▸ About this task
Transcribe the entries that follow, word for word.

▸ Provided records
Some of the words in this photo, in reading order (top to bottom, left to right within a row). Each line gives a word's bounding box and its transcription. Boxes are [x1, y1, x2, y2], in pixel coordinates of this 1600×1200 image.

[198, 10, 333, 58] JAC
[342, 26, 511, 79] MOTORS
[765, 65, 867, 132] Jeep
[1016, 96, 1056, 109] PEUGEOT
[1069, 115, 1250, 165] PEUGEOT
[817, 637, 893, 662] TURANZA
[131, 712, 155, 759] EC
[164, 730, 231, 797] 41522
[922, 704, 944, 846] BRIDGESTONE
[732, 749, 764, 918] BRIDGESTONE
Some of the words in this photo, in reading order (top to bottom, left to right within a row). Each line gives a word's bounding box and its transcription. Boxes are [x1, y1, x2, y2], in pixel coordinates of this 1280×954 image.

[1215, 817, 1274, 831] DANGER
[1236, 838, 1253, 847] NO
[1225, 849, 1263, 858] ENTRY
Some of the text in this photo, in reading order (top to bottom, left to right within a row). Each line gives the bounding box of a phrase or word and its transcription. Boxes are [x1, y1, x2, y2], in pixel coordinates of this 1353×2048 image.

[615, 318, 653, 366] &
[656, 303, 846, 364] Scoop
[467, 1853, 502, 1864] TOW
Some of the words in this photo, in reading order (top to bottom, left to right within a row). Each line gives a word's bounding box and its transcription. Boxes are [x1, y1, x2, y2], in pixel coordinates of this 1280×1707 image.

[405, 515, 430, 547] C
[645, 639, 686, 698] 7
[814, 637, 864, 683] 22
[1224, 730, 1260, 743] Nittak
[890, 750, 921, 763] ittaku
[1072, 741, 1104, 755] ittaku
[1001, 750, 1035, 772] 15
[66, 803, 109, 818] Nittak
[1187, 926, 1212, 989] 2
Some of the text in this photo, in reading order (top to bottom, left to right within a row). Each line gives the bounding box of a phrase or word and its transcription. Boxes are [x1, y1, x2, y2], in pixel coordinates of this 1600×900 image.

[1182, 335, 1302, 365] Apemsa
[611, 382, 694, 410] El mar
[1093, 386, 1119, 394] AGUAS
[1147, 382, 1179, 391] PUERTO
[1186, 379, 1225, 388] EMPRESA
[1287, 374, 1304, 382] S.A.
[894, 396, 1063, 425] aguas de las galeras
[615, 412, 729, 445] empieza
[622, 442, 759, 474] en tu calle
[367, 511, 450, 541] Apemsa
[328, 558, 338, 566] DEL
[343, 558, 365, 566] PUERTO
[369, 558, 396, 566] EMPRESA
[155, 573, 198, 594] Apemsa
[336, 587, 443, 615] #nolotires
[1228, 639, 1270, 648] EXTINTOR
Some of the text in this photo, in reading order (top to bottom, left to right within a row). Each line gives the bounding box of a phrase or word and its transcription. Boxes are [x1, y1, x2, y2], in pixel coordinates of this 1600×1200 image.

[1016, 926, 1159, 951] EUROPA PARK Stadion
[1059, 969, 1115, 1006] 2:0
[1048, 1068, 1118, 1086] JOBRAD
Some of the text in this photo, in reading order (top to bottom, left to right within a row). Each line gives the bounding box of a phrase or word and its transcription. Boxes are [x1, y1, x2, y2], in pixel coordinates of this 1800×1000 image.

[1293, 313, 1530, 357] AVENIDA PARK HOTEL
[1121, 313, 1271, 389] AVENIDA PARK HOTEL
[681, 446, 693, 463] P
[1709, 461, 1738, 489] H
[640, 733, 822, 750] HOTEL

▸ Solution for this task
Some of the words in this photo, in reading order (top to bottom, left to right within a row). Each line gives a word's bounding box and its transcription. Boxes are [x1, y1, x2, y2], in pixel coordinates of this 1600×1200 image.

[198, 10, 333, 58] JAC
[342, 26, 511, 79] MOTORS
[765, 65, 867, 132] Jeep
[1016, 96, 1056, 109] PEUGEOT
[1069, 115, 1250, 165] PEUGEOT
[817, 637, 893, 662] TURANZA
[131, 712, 155, 759] EC
[164, 730, 231, 797] 41522
[922, 704, 944, 846] BRIDGESTONE
[732, 749, 764, 918] BRIDGESTONE
Some of the words in this photo, in reading order (top to bottom, left to right within a row). Each line gives a word's bounding box and its transcription. Boxes are [x1, y1, x2, y2], in pixel coordinates of this 1280×954 image.

[1215, 817, 1274, 831] DANGER
[1236, 838, 1253, 847] NO
[1225, 849, 1263, 858] ENTRY
Some of the text in this photo, in reading order (top to bottom, left to right within a row). Each line gives the bounding box of a phrase or word and its transcription. Boxes are [x1, y1, x2, y2], in pixel coordinates of this 1353×2048 image.

[615, 318, 653, 366] &
[656, 303, 846, 364] Scoop
[467, 1853, 502, 1864] TOW
Some of the words in this photo, in reading order (top to bottom, left to right within a row). Each line gives a word's bounding box and its transcription. Boxes are [x1, y1, x2, y2], in pixel coordinates of this 1280×1707 image.

[405, 515, 430, 547] C
[645, 639, 686, 698] 7
[814, 637, 864, 683] 22
[1224, 730, 1260, 743] Nittak
[890, 750, 921, 763] ittaku
[1072, 741, 1104, 755] ittaku
[1001, 750, 1035, 772] 15
[66, 803, 109, 818] Nittak
[1187, 926, 1212, 989] 2
Some of the text in this photo, in reading order (top to bottom, left to right within a row). Each line gives the bounding box of a phrase or word and its transcription. Boxes are [x1, y1, x2, y2], in pixel coordinates of this 1600×900 image.

[1182, 335, 1302, 365] Apemsa
[611, 382, 694, 410] El mar
[1093, 386, 1119, 394] AGUAS
[1147, 382, 1179, 391] PUERTO
[1186, 379, 1225, 388] EMPRESA
[1287, 374, 1304, 382] S.A.
[894, 396, 1063, 425] aguas de las galeras
[615, 412, 729, 445] empieza
[622, 442, 759, 474] en tu calle
[367, 511, 450, 541] Apemsa
[328, 558, 338, 566] DEL
[343, 558, 365, 566] PUERTO
[369, 558, 396, 566] EMPRESA
[155, 573, 198, 594] Apemsa
[336, 587, 443, 615] #nolotires
[1228, 639, 1270, 648] EXTINTOR
Some of the text in this photo, in reading order (top to bottom, left to right within a row). Each line gives the bounding box of a phrase or word and its transcription. Boxes are [x1, y1, x2, y2], in pixel coordinates of this 1600×1200 image.

[1016, 926, 1159, 951] EUROPA PARK Stadion
[1059, 969, 1115, 1006] 2:0
[1048, 1068, 1118, 1086] JOBRAD
Some of the text in this photo, in reading order (top to bottom, left to right within a row). Each line gives the bounding box of a phrase or word and its transcription. Boxes are [x1, y1, x2, y2], in pixel coordinates of this 1800×1000 image.

[1293, 313, 1530, 357] AVENIDA PARK HOTEL
[1121, 313, 1271, 389] AVENIDA PARK HOTEL
[681, 446, 693, 463] P
[1709, 461, 1738, 489] H
[640, 733, 822, 750] HOTEL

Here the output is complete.